Shelf Life: Emma Straub

emma straub, shelf life, this time tomorrow

Portrait by Melanie Dunea / Illustration by Yousra Attia

Welcome to Shelf Life, ELLE.com’s books column, in which authors share their most memorable reads. Whether you’re on the hunt for a book to console you, move you profoundly, or make you laugh, consider a recommendation from the writers in our series, who, like you (since you’re here), love books. Perhaps one of their favorite titles will become one of yours, too.

This Time Tomorrow: A Novel

amazon.com

$28.00

$18.47 (34% off)

Emma Straub not only had to contend with releasing a book during the pandemic but keeping an indie bookstore afloat. She did both, along with writing her fifth novel, This Time Tomorrow (Riverhead; here’s the playlist), co-writing the television script for 2020’s NYT bestseller All Adults Here with Madison Wells Media, and helping two young sons with remote learning.

The New York-born and -raised, Brooklyn-based author got her MFA from the University of Wisconsin-Madison (where, like Shelf Lifer Lauren Groff, she studied with Lorrie Moore); is our third bookseller (she owns Books are Magic with her husband, which was nominated for Publishers Weekly Bookstore of the Year), has cats named Honeybutter and Dip Dip; filmed a cameo in the Reese Witherspoon Netflix movie Your Place or Mine and was an extra in The Squid and the Whale; and has hidden from authors Jennifer Egan and Zadie Smith but did approach Liev Schreiber as a high schooler.

Likes: Who? Weekly podcast, Birks; Dune Dog fish sandwiches; vintage shopping; Tony’s Chocolonely chocolate, romance novelists (check out her romance novel photo shoot). Bad at: writing bad reviews, getting presents, taking breaks. Good at: writing thank-you notes (paper not email), listening to weather forecasters, recommending books (see below. If you want to recommend books to her, you can on her Substack.)

The book that…

… kept me up way too late:

Ashley Poston’s The Dead Romantics, out this summer—I didn’t mean to finish it, but I just couldn’t stop reading! That is one of the top five feelings books can provide, that desire to keep reading past your bedtime, and I loved every minute of it.

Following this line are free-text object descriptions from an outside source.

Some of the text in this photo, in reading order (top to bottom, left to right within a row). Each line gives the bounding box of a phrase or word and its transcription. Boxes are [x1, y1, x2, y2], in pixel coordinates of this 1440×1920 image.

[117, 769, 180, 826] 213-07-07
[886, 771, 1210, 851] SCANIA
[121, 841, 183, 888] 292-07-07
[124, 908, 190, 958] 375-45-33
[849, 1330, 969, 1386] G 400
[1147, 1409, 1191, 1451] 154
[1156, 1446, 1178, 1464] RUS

…made me weep uncontrollably:

The books that make me cry the most often are picture books. Mac Barnett and Carson Ellis’s What Is Love, Mac Barnett and Sarah Jacoby’s The Important Thing About Margaret Wise Brown. I guess Mac Barnett makes me weep. Truly, as reliable as an ASPCA commercial.

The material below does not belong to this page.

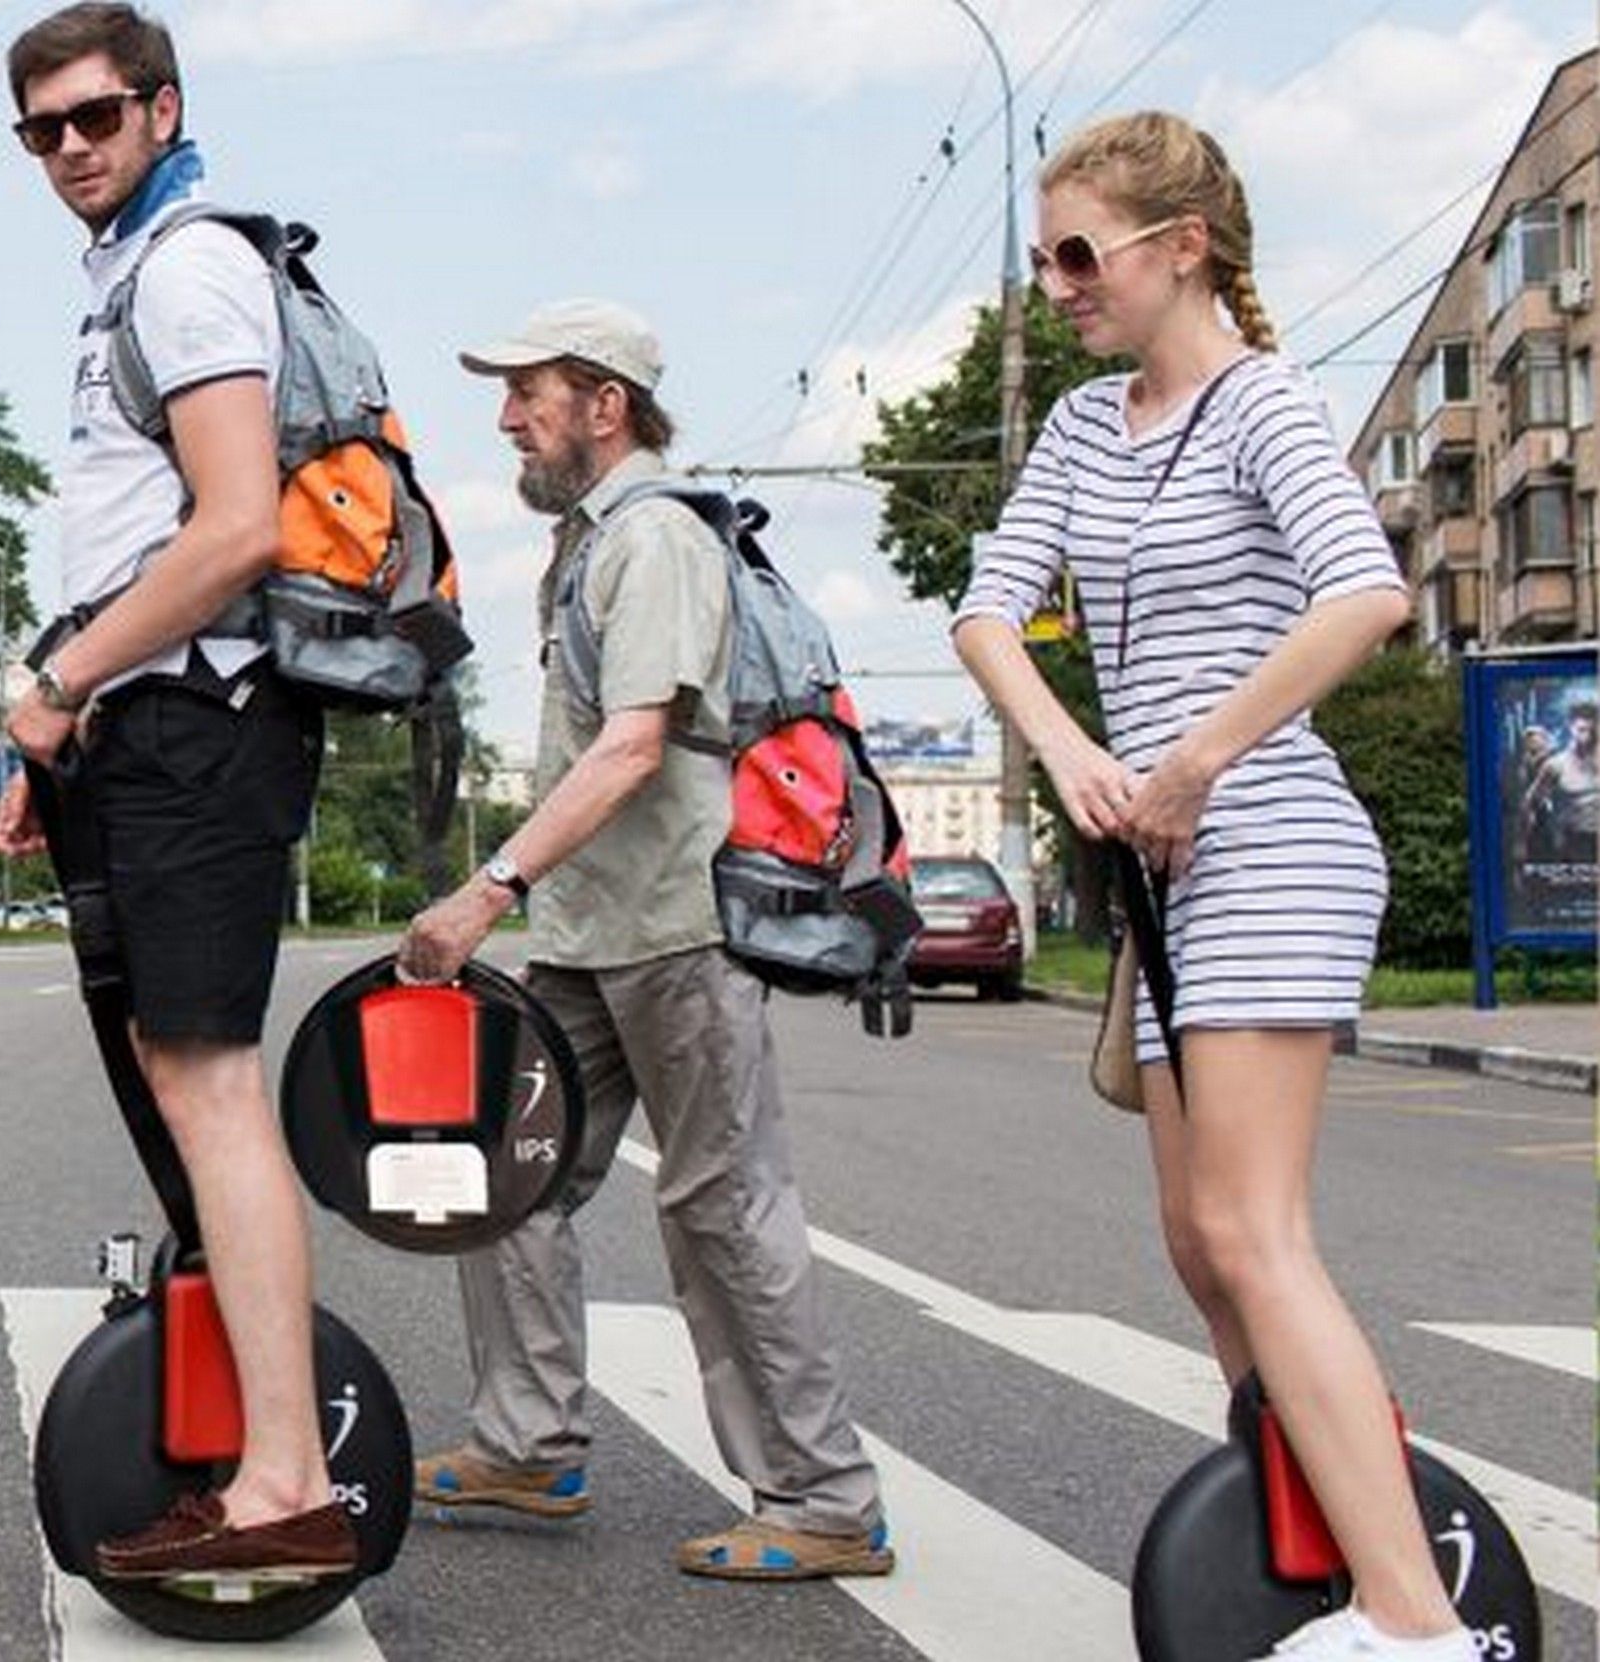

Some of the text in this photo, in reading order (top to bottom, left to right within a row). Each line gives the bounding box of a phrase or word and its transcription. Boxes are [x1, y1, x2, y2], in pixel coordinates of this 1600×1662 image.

[515, 1138, 557, 1163] IPS
[329, 1484, 368, 1515] PS
[1466, 1624, 1516, 1662] PS

…I recommend over and over again:

Marcy Dermansky’s Bad Marie, a novel about an unrepentantly wicked woman, freshly out of prison, who seduces her friend’s husband and steals her child and runs off to Paris. It’s delicious.

…I swear I’ll finish one day:

Well, I suppose if I want to someday finish Proust I have to start Proust.

…I’d pass on to my kids:

My children read a lot of books from my childhood—not just the titles but the actual copies—because my parents are hoarders just like I am. Miss Nelson is Missing!, George and Martha, all of James Marshall, really. If I can make sure my kids love everything he ever wrote, I’ll be happy.

…I’d gift to a new graduate:

Anything but Oh, the Places You’ll Go—how about Ross Gay’s The Book of Delights?

…I’d like turned into a Netflix show:

Samantha Irby’s books! All of them! The show would need to also be written by Sam. Is this actually happening? I think it probably is. Just a matter of time!

…has the best opening line:

The one that comes to mind first is Daphne du Maurier’s Rebecca. “Last night I dreamed I went to Manderly again.” Which goes to show you that the conventional wisdom that one shouldn’t write about dreams isn’t always true.

…should be on every college syllabus:

Nikole Hannah-Jones’s 1619 Project. It should be on every high school syllabus, too. I am so grateful to Hannah-Jones for compiling such a world-changing opus.

…I brought on my honeymoon:

I read so many books on my honeymoon! A Sookie Stackhouse book, a Steven Millhauser book, a Kelly Link book. My very favorite vacations are the ones where you read so many books, all the books you packed, and then have to find a local shop to replenish your stash.

…I’d want signed by the author:

Oh, how about the impossible ones—a Jane Austen, an Agatha Christie.

…that holds the recipe to a favorite dish:

Nora Ephron’s Heartburn has all the recipes one could ever need.